*Required work*: When you retype the records that follow, keep each word as it is and drop any pictures.

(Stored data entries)
· · · · · · ·

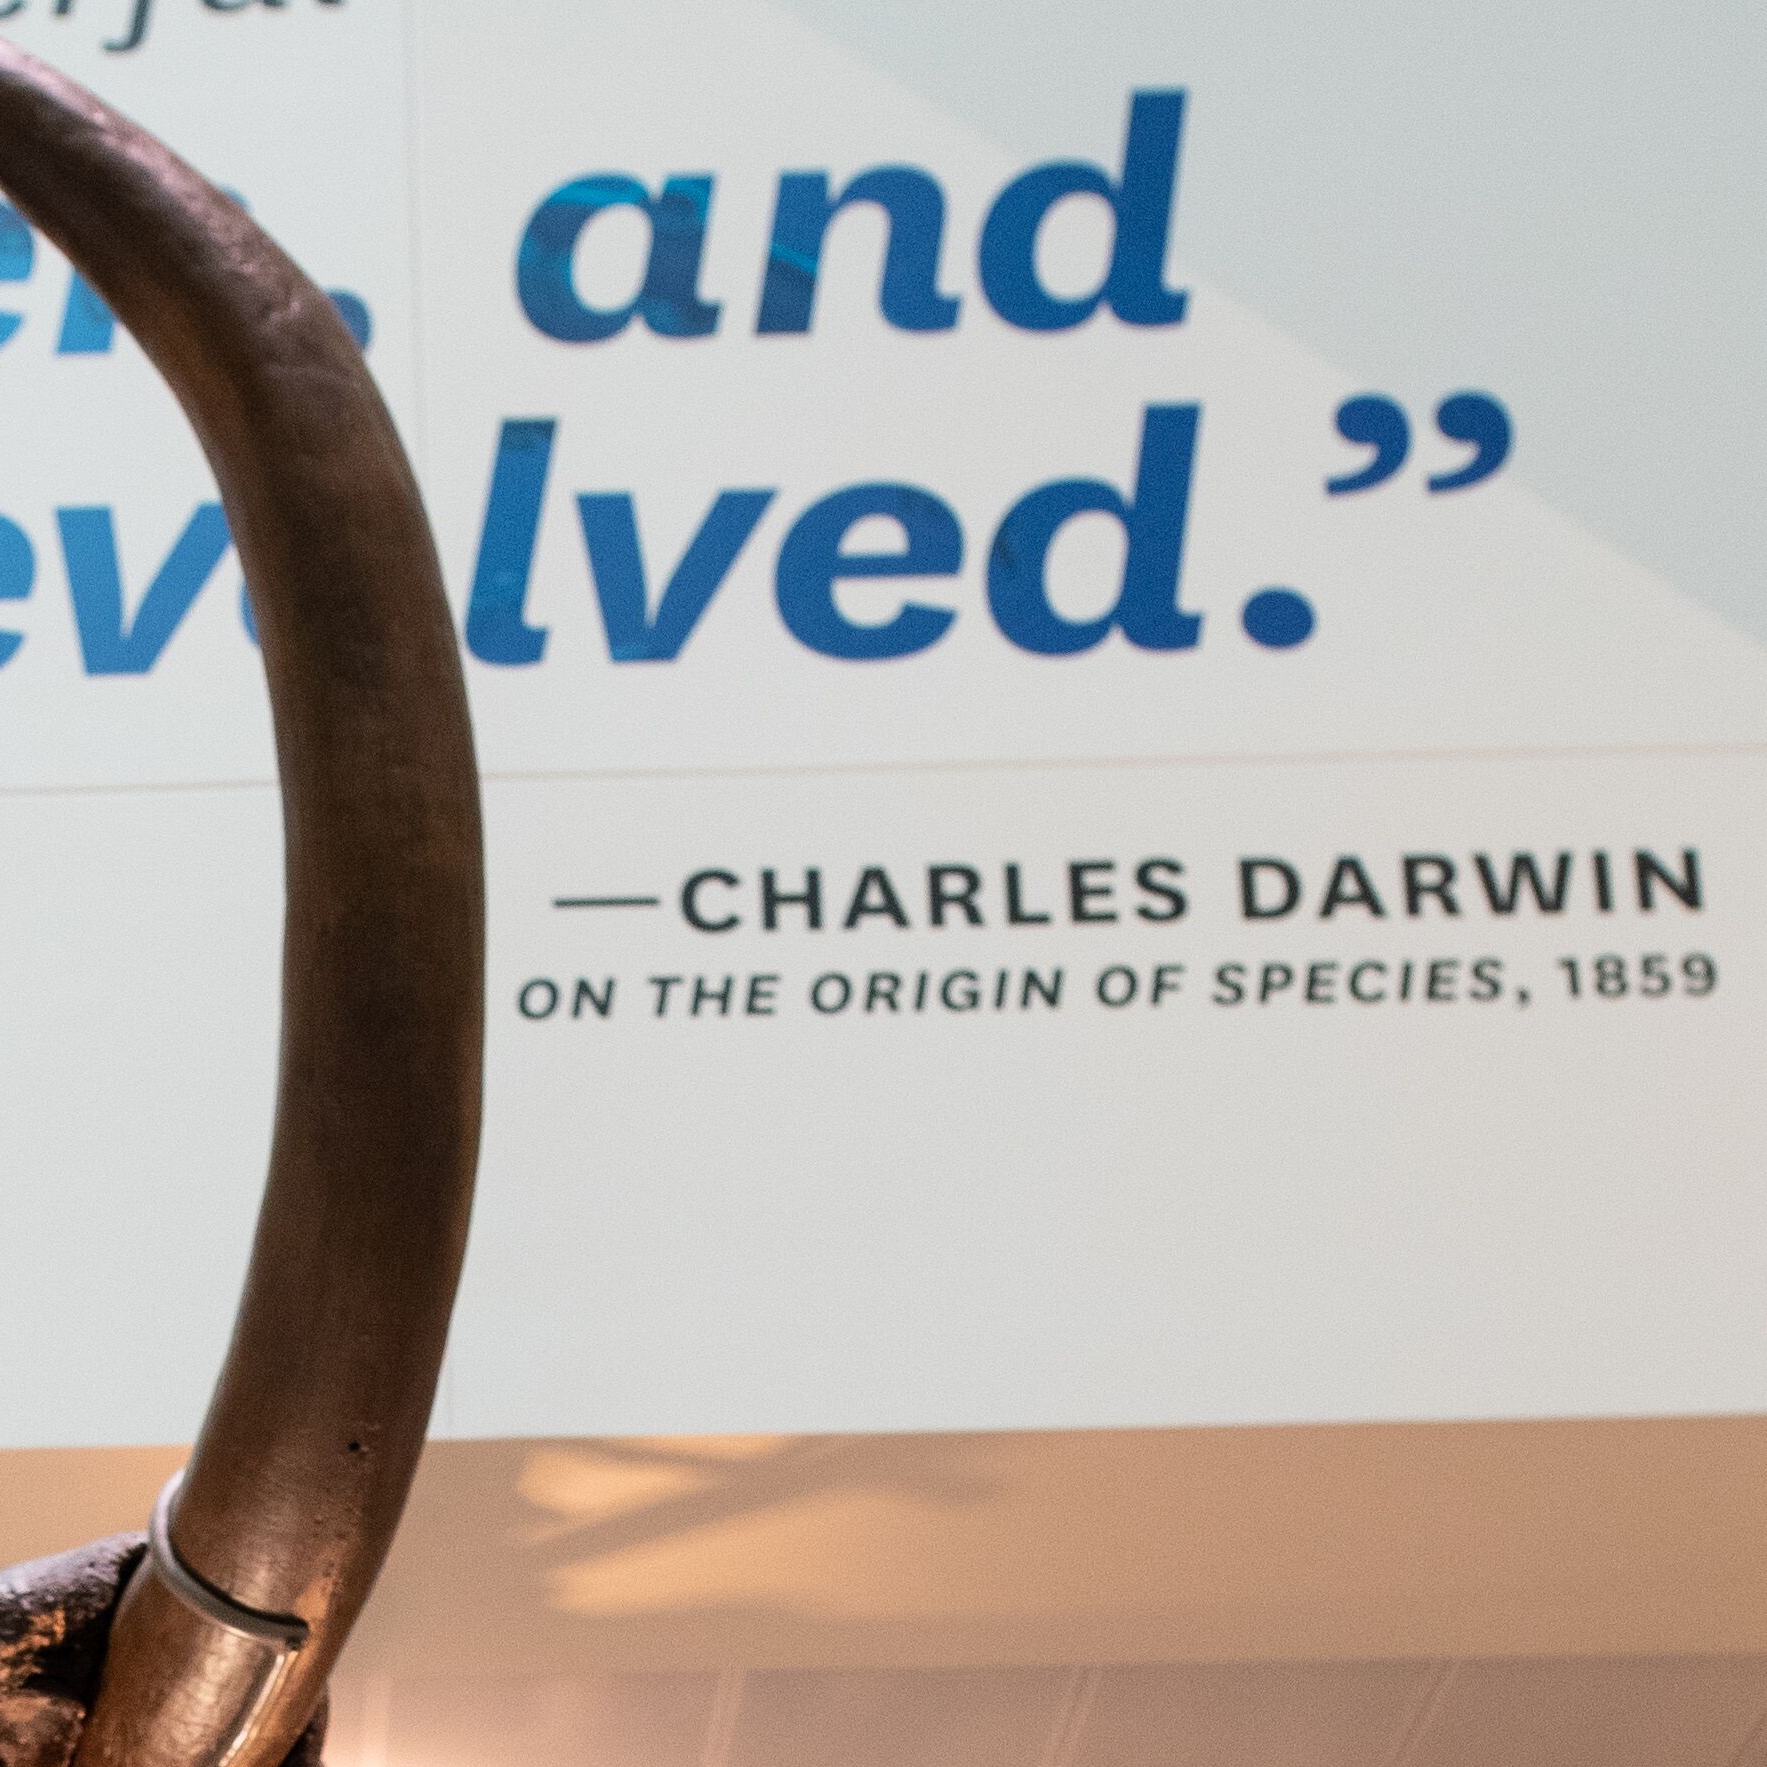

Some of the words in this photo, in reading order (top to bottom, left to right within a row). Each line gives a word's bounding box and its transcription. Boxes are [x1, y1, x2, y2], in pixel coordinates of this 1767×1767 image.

[512, 85, 1195, 346] and
[1235, 846, 1707, 922] DARWIN
[515, 975, 617, 1021] ON
[647, 972, 780, 1018] THE
[806, 966, 1065, 1016] ORIGIN
[1093, 963, 1183, 1009] OF
[1210, 957, 1530, 1008] SPECIES,
[1558, 951, 1719, 1000] 1859
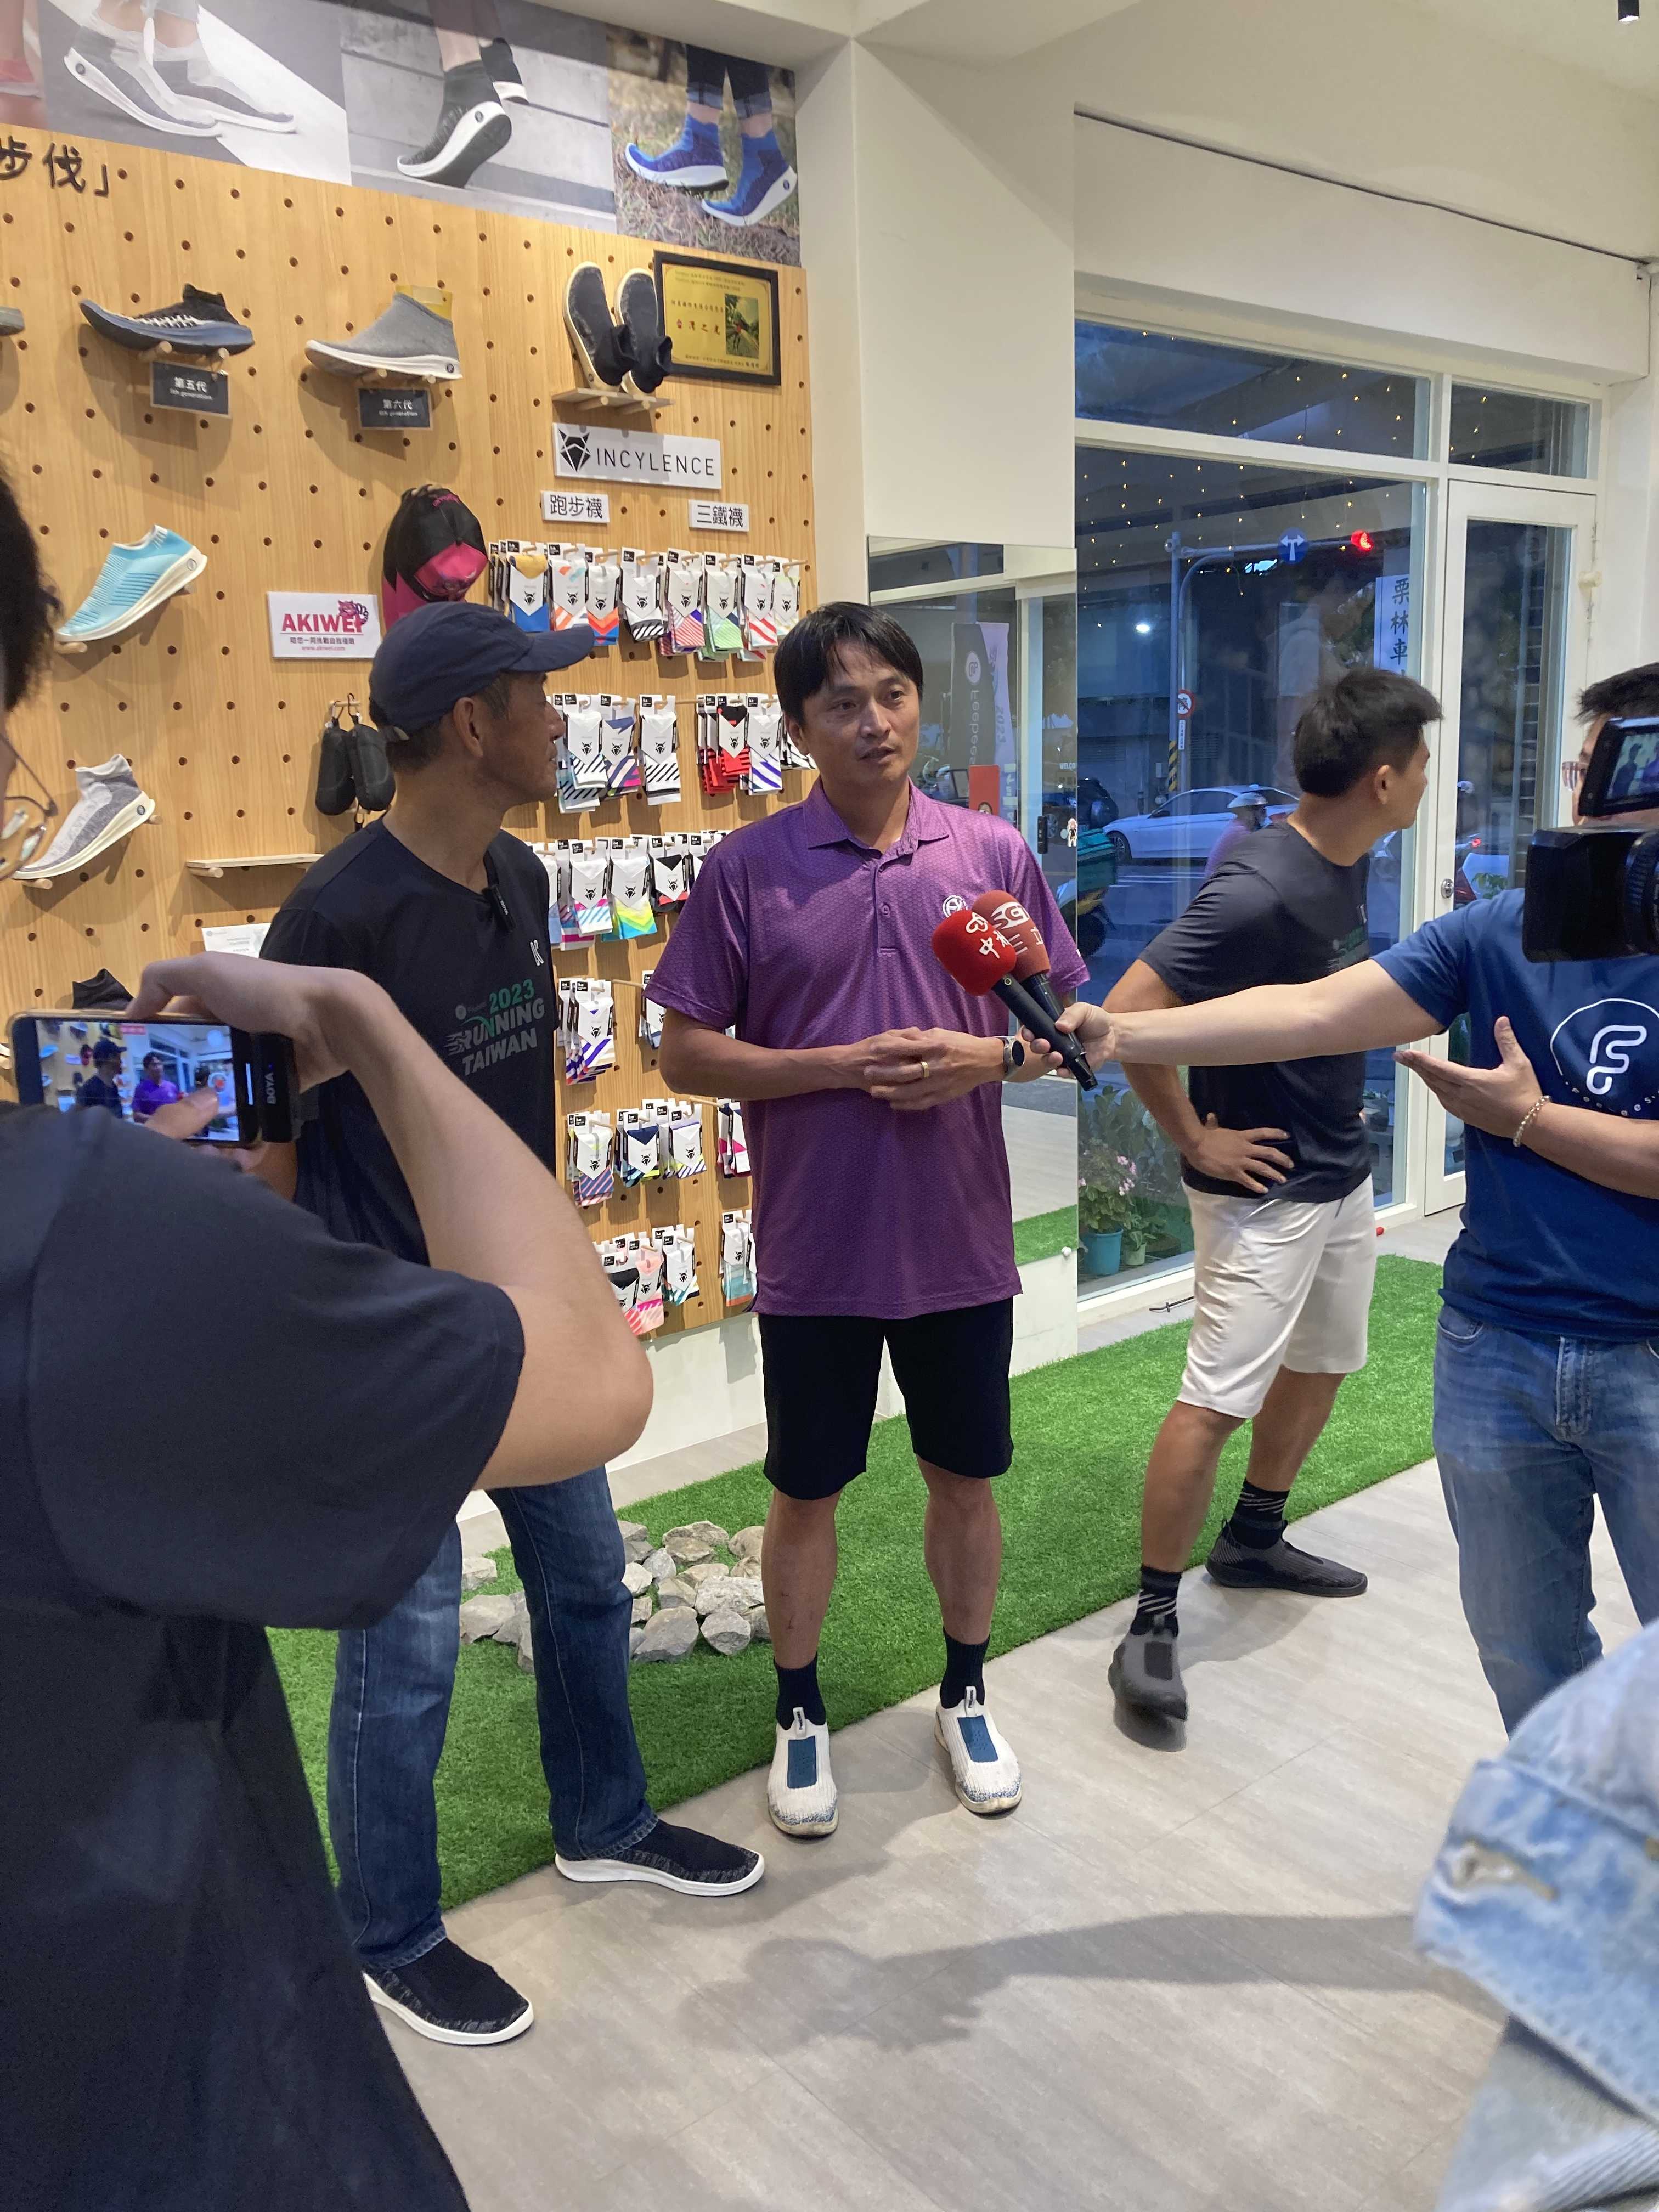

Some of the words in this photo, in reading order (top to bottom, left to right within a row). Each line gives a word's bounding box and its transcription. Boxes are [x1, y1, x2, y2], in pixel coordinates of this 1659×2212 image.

[174, 376, 207, 393] 第五代
[383, 399, 413, 410] 第六代
[596, 448, 715, 476] INCYLENCE
[550, 494, 603, 518] 跑步襪
[697, 504, 743, 527] 三鐵襪
[281, 613, 362, 633] AKIWEI
[1390, 578, 1409, 677] 栗林車
[489, 979, 535, 1014] 2023
[445, 998, 545, 1054] RUNNING
[462, 1028, 538, 1076] TAIWAN
[264, 1072, 277, 1104] BOYA
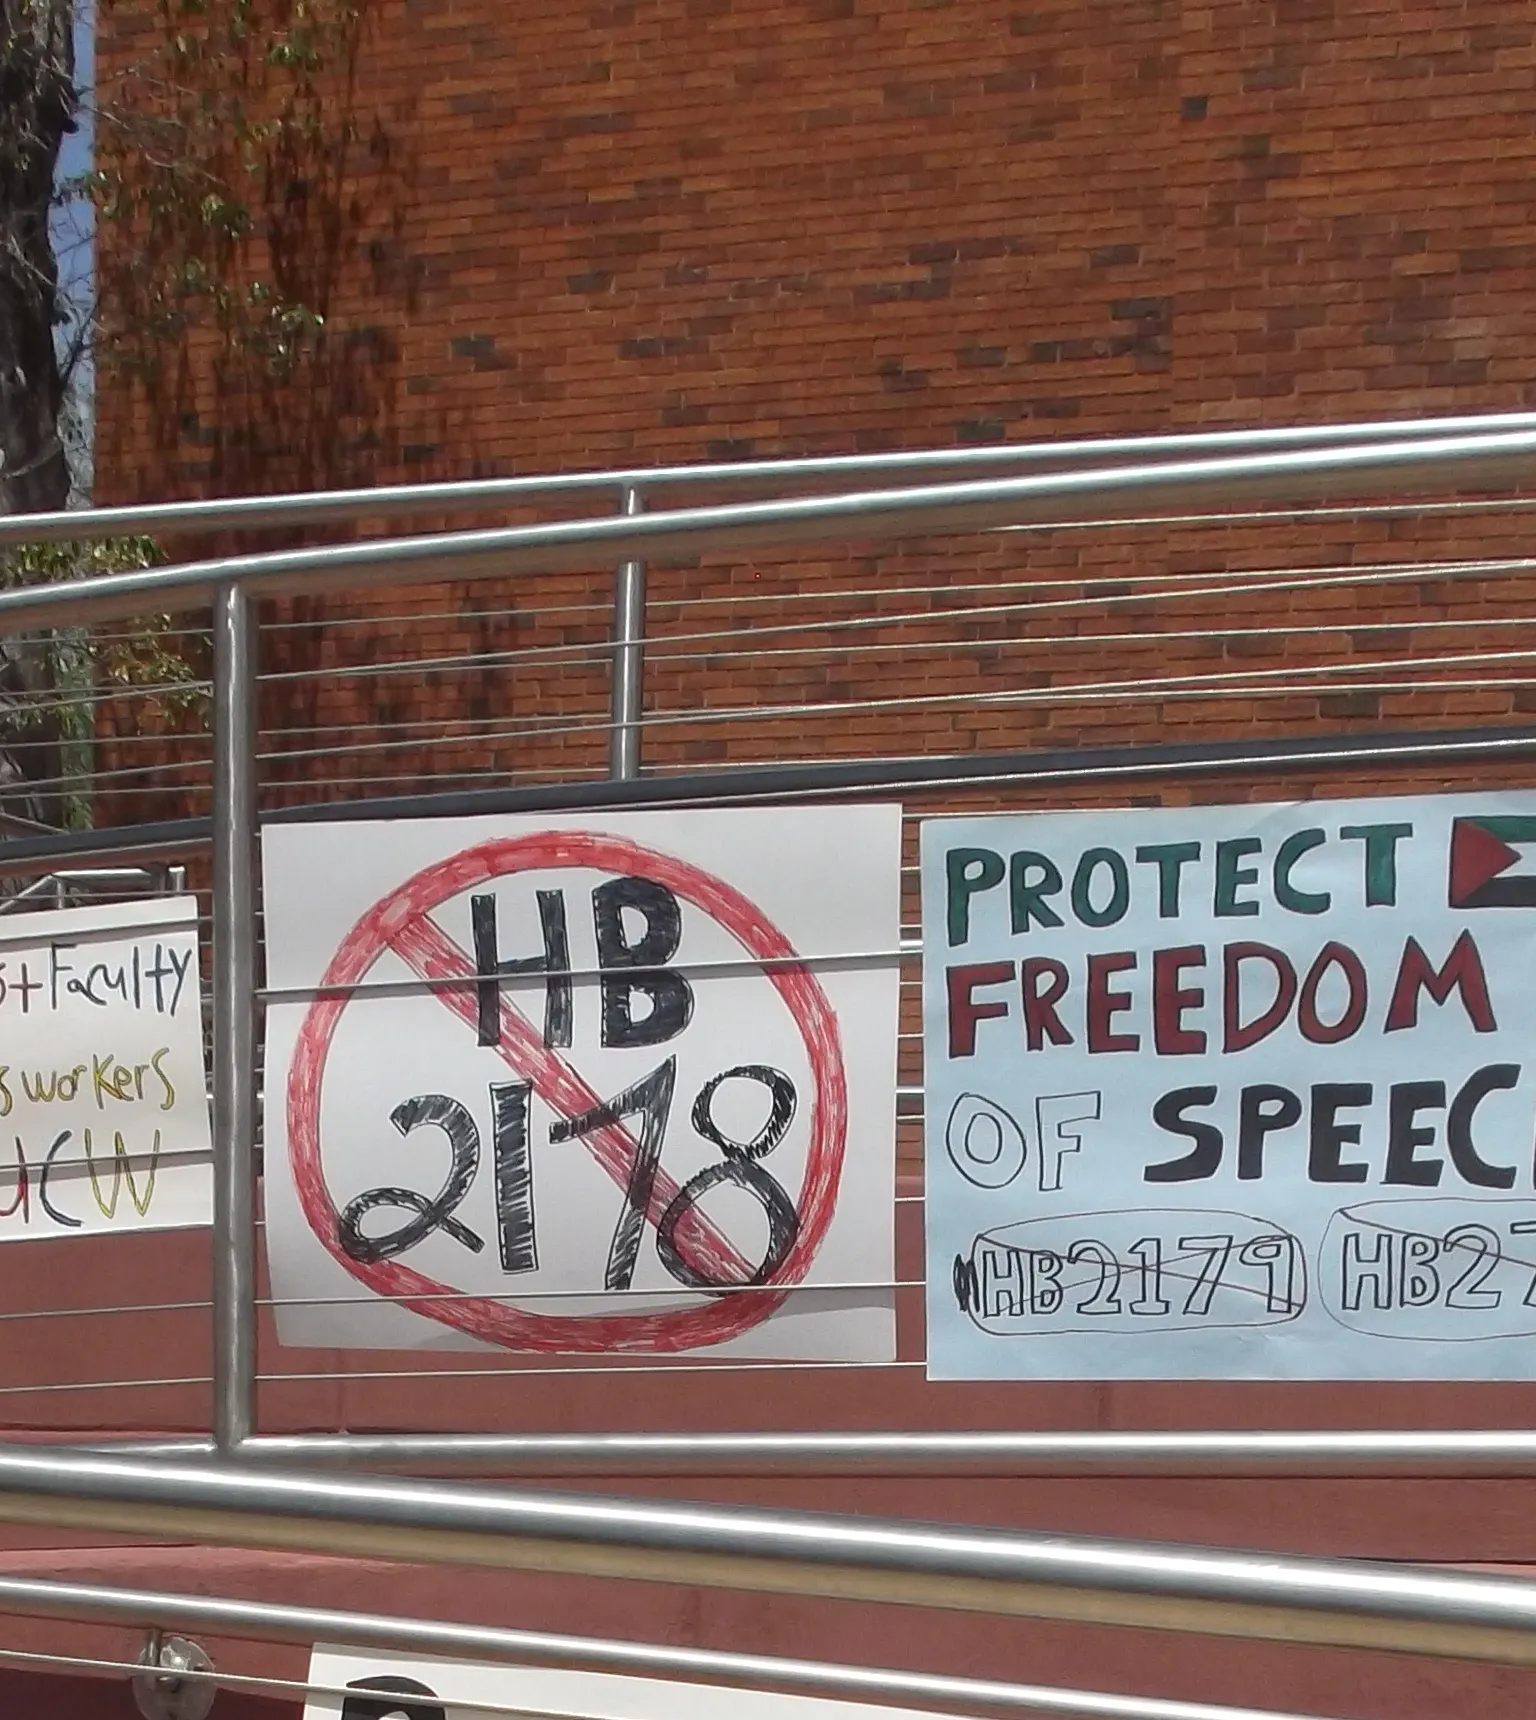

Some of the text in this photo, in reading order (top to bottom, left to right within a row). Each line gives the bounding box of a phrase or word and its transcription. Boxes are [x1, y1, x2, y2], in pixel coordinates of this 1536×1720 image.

· · · · · · ·

*Problem solution*:
Some of the words in this photo, in reading order (top to bottom, left to right within a row). Each line gives a word's bounding box and its transcription. Boxes are [x1, y1, x2, y2], in pixel coordinates of this 1767×1767 image.

[512, 85, 1195, 346] and
[1235, 846, 1707, 922] DARWIN
[515, 975, 617, 1021] ON
[647, 972, 780, 1018] THE
[806, 966, 1065, 1016] ORIGIN
[1093, 963, 1183, 1009] OF
[1210, 957, 1530, 1008] SPECIES,
[1558, 951, 1719, 1000] 1859

Some of the words in this photo, in reading order (top to bottom, left to right within a row). Each line gives a word's bounding box and its transcription. Boxes are [x1, y1, x2, y2], in pixel coordinates of this 1659×2212 image.

[174, 376, 207, 393] 第五代
[383, 399, 413, 410] 第六代
[596, 448, 715, 476] INCYLENCE
[550, 494, 603, 518] 跑步襪
[697, 504, 743, 527] 三鐵襪
[281, 613, 362, 633] AKIWEI
[1390, 578, 1409, 677] 栗林車
[489, 979, 535, 1014] 2023
[445, 998, 545, 1054] RUNNING
[462, 1028, 538, 1076] TAIWAN
[264, 1072, 277, 1104] BOYA

Some of the text in this photo, in reading order (top to bottom, left to right within a row). Each line gives the bounding box of a phrase or word and its transcription. Boxes are [x1, y1, x2, y2], in pixel coordinates of this 1536×1720 image.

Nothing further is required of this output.